Known for his spectacular kicks, his big extreme differences and his very … personal quotes, actor Jean-Claude Van Damme has recently been experiencing some health problems. According to the daily Midi Librehe is currently being based near Montpellier, following an operation and hospitalization on site.
A heavy back and rest operation
For 8 days, the 64 -year -old Belgian actor was hospitalized in a private clinic for a heavy back operation. “Normally, I do not communicate on the identity of our patients during their stay. But yes, I confirm that he was with us for eight days” thus revealed the manager of the park clinic in Castelnau-le-Lez to the media (also breaking medical confidentiality, editor’s note). The exact cause is not specified, but the doctor suggested that his clinic counted several “Surgeons specialized in the spine”.
A back problem that would however have nothing surprising, given the actor’s career. In an interview with Télé-Loisirslast January this had already admitted:
“I have a few sores, the neck, the hips, my back. But I am very lucky, I am very flexible for my age. In the morning, I train, I warm up well … You wake up with a good dose of endorphins, you are happy.”
Possible pathologies that require back surgery
At 64, it is normal for the body of “JCVD” to have undergone some sores. According to Dr. Kierzek, several pathologies of the spine can touch an athlete in this profile and, in some cases, justify surgery.
Degenerative pathologies
- Hernia disc : Frequent in martial arts practitioners, it results from repeated flexions and rotations. It causes radicular pain (sciatica, cervico-brachial neuralgia), sometimes accompanied by loss of strength and sensitive disorders. If the pain persists more than 6 to 8 weeks despite conservative treatment, surgery can impose itself;
- Canal stenosis : Osteoarthritis can lead to a narrowing of the spinal canal, causing neurogenic claudication (pain with relieved walking while leaning forward), tingling and weakness of the legs. It is a natural evolution but accentuated by sports wear.
Vertebral instabilities
- Spondylolisthesis: It is the shift from one vertebra to another. Sports with repeated impacts aggravate this instability, generating chronic low back pain and irradiating pain;
- Severe discopathy: It results in a loss of disc height and chronic inflammation, resulting in disabling pain, often resistant to infiltration and rehabilitation.
Traumatic pathologies
- In martial arts, shocks and projections expose to vertebral fractures, sometimes unstable or compressing the marrow. In a senior sportsman, osteoporosis can worsen the risk of vertebral settlement.

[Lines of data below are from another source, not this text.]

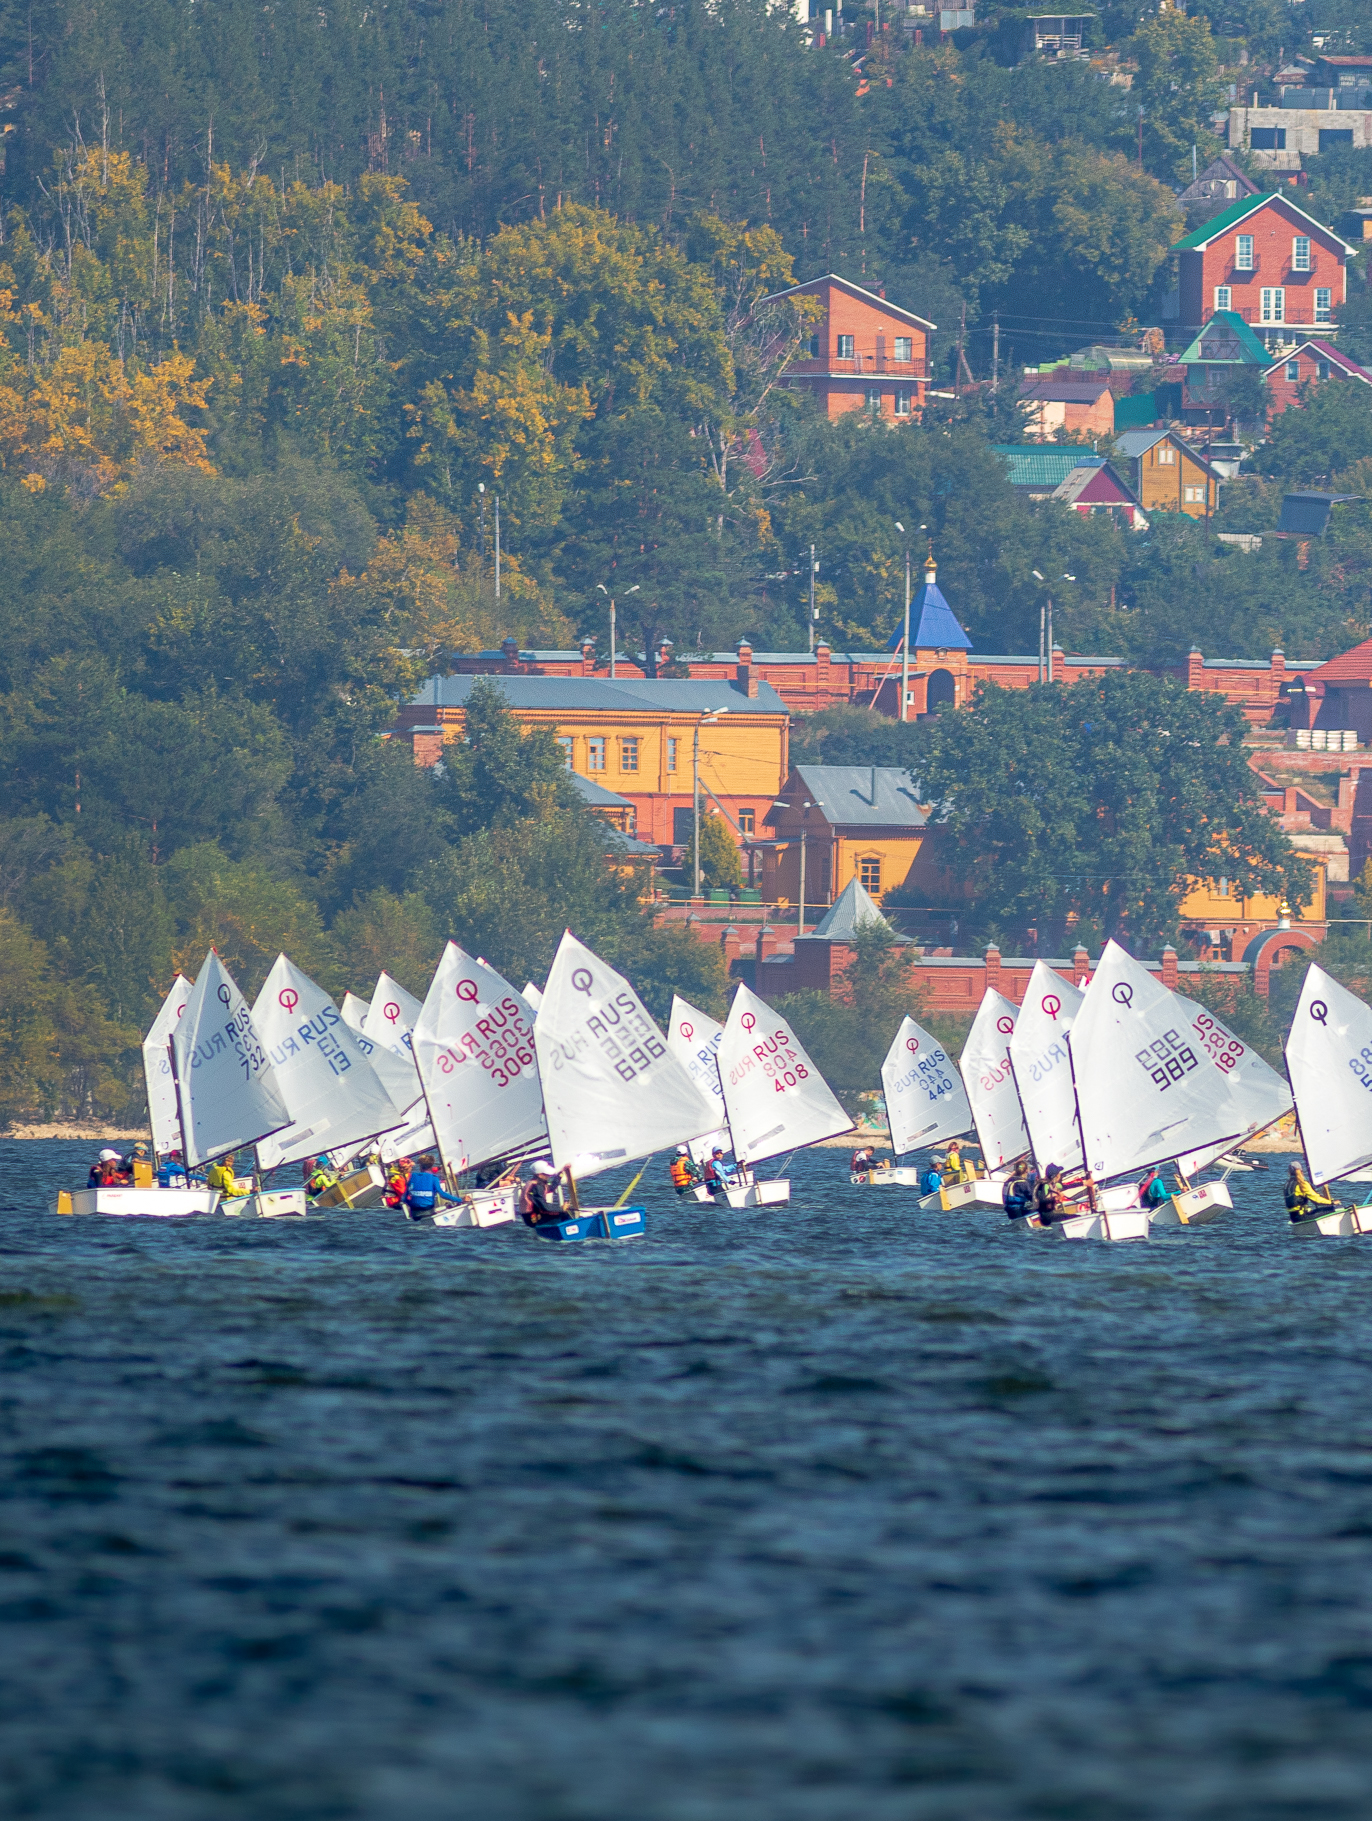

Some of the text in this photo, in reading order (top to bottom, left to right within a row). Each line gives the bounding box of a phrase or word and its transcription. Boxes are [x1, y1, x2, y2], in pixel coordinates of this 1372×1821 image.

[224, 1007, 250, 1043] RUS
[297, 1005, 340, 1045] RUS
[475, 997, 519, 1041] RUS
[586, 992, 636, 1039] RUS
[241, 1045, 265, 1081] 732
[613, 1035, 666, 1082] 696
[753, 1030, 789, 1062] RUS
[917, 1049, 945, 1075] RUS
[1214, 1040, 1245, 1074] 189
[774, 1063, 809, 1093] 408
[1151, 1046, 1199, 1092] 989
[928, 1078, 953, 1102] 440
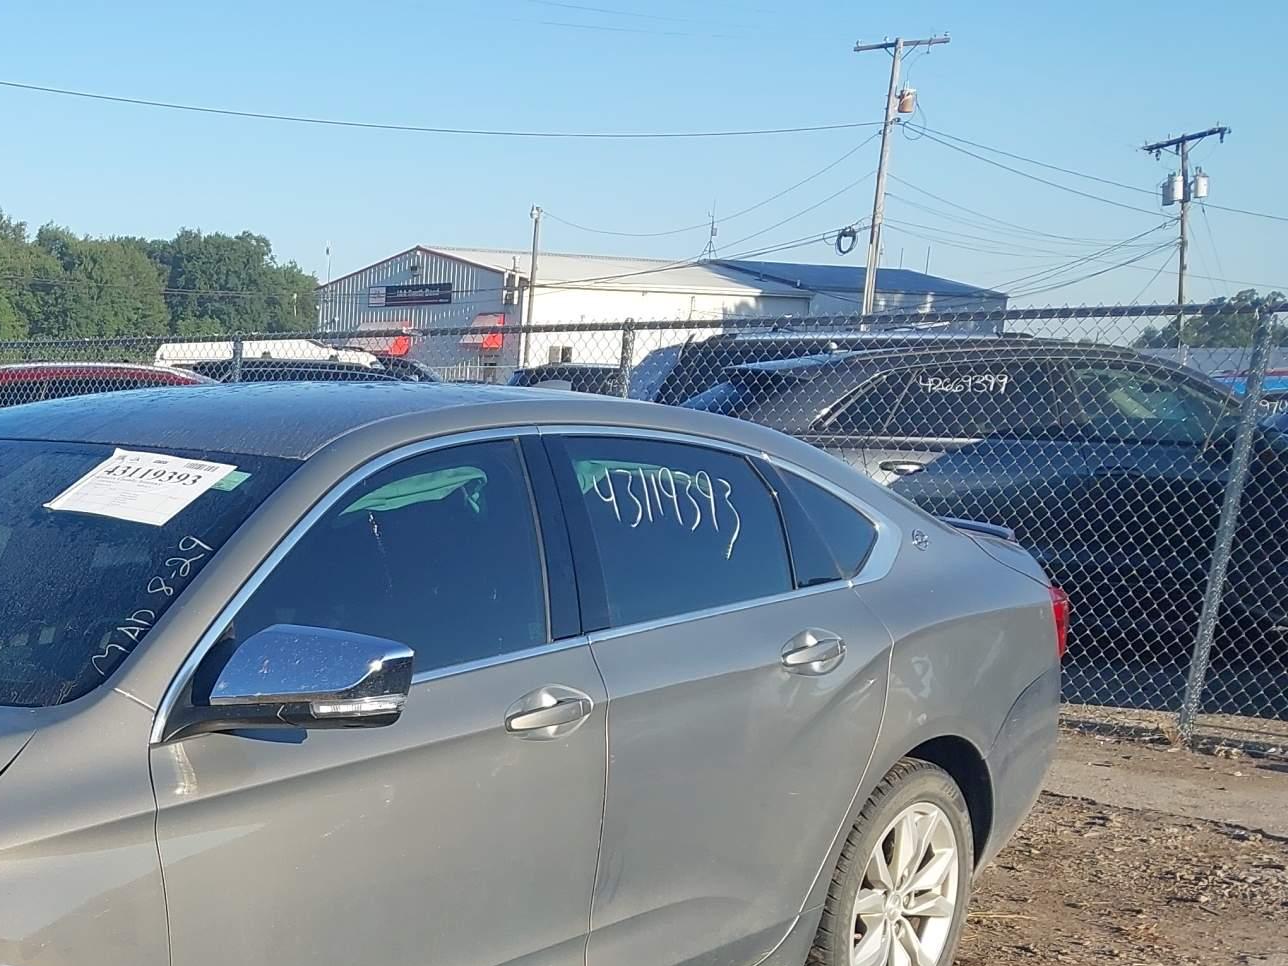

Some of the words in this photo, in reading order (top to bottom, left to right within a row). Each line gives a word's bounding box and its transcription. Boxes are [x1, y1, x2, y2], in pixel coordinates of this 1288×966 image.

[103, 463, 204, 487] 43119393
[592, 465, 742, 561] 43119393
[91, 609, 156, 677] MAD
[147, 534, 215, 597] 8-29

When to have the column operated?
Dr. Kierzek distinguishes two major situations:
- Absolute indications: major neurological deficit, ponytail syndrome, threatening instability;
- Relative indications : Devanty pain for more than 3 to 6 months, severe functional limitation, impossibility of continuing the activity, sleep disorders or significant psychological repercussions.

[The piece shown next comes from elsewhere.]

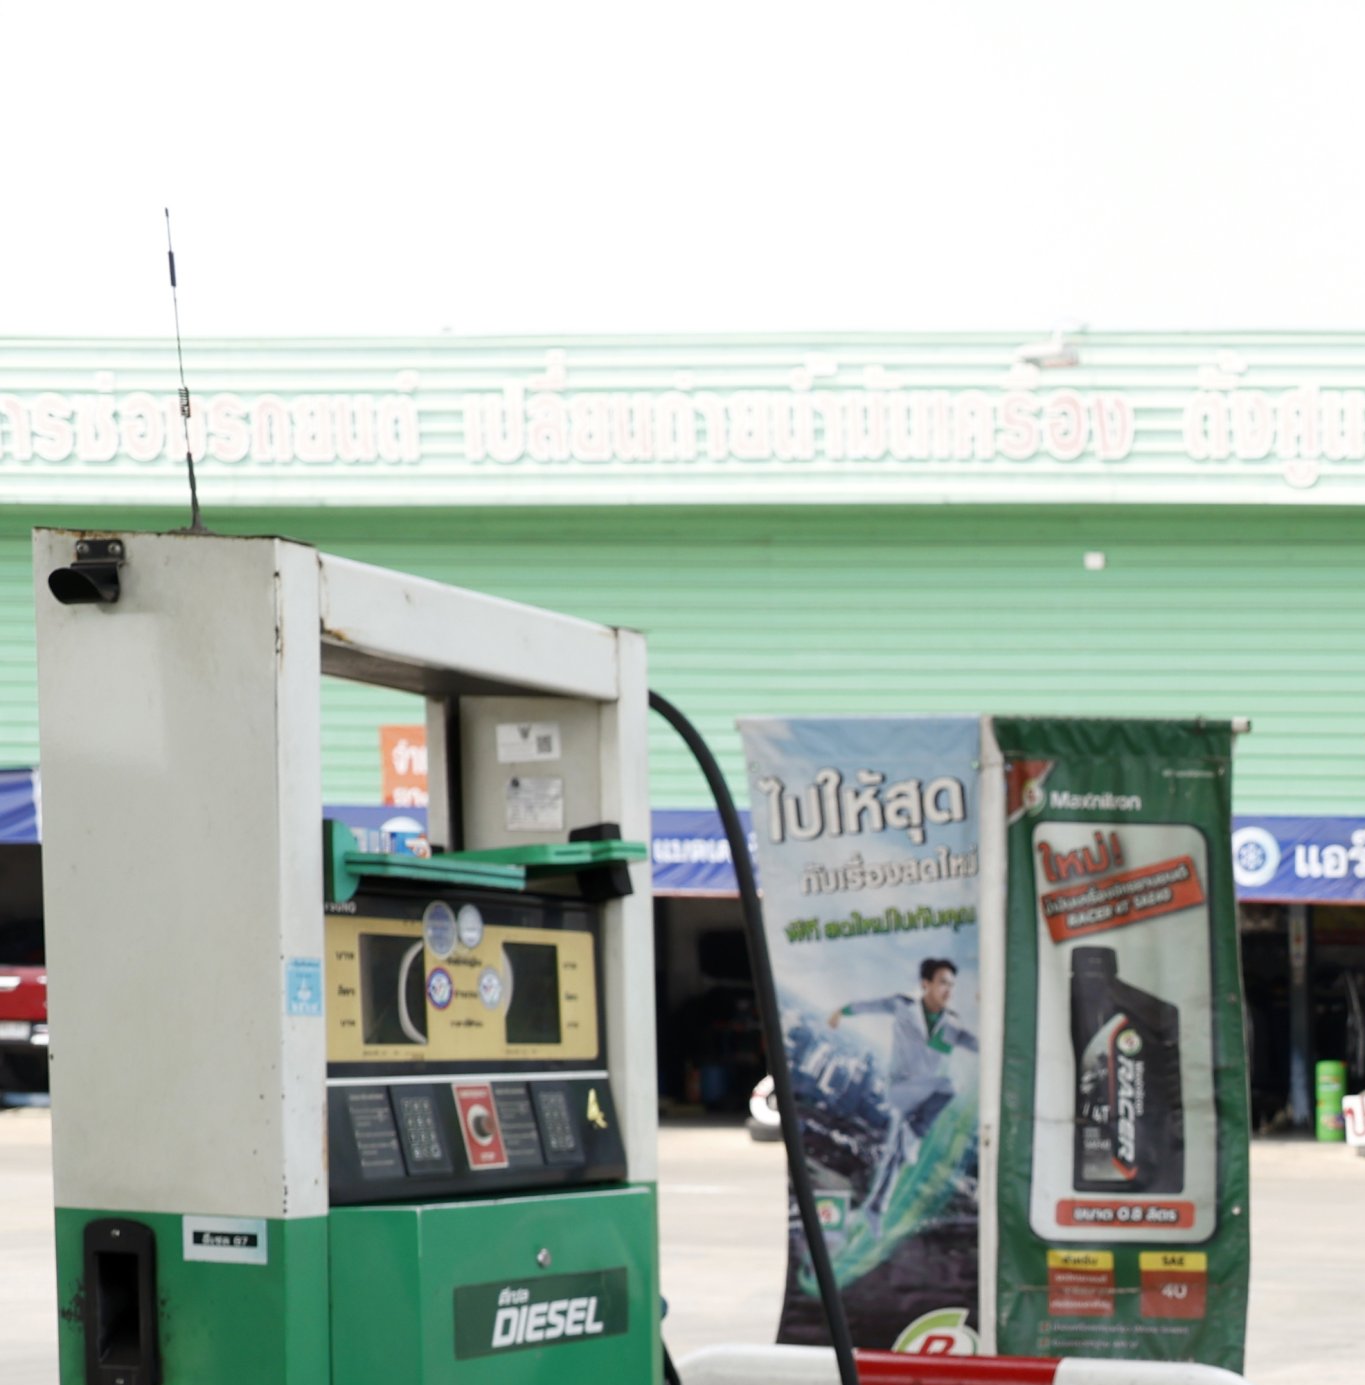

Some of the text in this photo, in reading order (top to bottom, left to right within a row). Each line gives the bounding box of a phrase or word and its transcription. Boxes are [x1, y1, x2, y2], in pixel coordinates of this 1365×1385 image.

[0, 369, 420, 465] ารซ่อมรถยนต์
[757, 766, 967, 845] ไปให้สุด
[1038, 830, 1124, 883] ใหม่!
[491, 1295, 605, 1349] DIESEL

“At 64, the intervention threshold can be earlier because natural recovery is slower and osteoarthritis progresses faster” he said.
For a sportsman such as Jean-Claude Van Damme, surgery must also adapt. Several techniques are envisaged.
Mini-invasive techniques
Privileged to preserve muscles and accelerate the recovery:
- Percutaneous discectomy: Targeted withdrawal of a herniated disc by micro-knit, recovery in 2 to 4 weeks;
- Endoscopic foramnotomy: Decompression of a nerve stuck in a narrowed foramen.
Decompression surgeries
- Selective laminectomy: widening of the narrow lumbar canal;
- Mini-Invasive Arthrodesis (Tlif/Plif) : vertebral fusion by small incisions, in case of instability.
Cervical surgeries
- Anterior cervical discectomy: Treatment of a cervical hernia, with recovery in 6 to 12 weeks, particularly relevant in the event of trauma -related trauma.

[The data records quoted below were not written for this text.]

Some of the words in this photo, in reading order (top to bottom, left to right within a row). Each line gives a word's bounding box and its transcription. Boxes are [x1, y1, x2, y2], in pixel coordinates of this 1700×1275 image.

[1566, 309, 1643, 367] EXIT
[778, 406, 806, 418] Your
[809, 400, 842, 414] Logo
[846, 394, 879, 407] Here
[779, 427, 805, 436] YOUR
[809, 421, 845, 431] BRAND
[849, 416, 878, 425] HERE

At the end of these, the recovery of soft sports can occur after 6 to 8 weeks. On the other hand, complete martial arts require 3 to 6 months of rest depending on the intervention. “The objective, underlines Dr. Kierzek, is to allow a return to martial practice while preserving muscle function. “
If Jean-Claude Van Damme has to get off today, it is therefore not for an action scene, but to rest for a few weeks.